*Exercise objective:* Each entry must appear in the answer exactly as given.

*Data:*
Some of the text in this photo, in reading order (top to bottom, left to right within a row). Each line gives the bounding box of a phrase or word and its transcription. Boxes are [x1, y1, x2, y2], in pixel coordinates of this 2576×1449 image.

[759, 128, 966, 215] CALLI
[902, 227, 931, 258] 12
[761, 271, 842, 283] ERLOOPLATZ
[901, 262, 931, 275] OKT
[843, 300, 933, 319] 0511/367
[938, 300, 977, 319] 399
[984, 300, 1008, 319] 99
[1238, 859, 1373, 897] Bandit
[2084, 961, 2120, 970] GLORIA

*Solution to this problem:*
Some of the text in this photo, in reading order (top to bottom, left to right within a row). Each line gives the bounding box of a phrase or word and its transcription. Boxes are [x1, y1, x2, y2], in pixel coordinates of this 2576×1449 image.

[759, 128, 966, 215] CALLI
[902, 227, 931, 258] 12
[761, 271, 842, 283] ERLOOPLATZ
[901, 262, 931, 275] OKT
[843, 300, 933, 319] 0511/367
[938, 300, 977, 319] 399
[984, 300, 1008, 319] 99
[1238, 859, 1373, 897] Bandit
[2084, 961, 2120, 970] GLORIA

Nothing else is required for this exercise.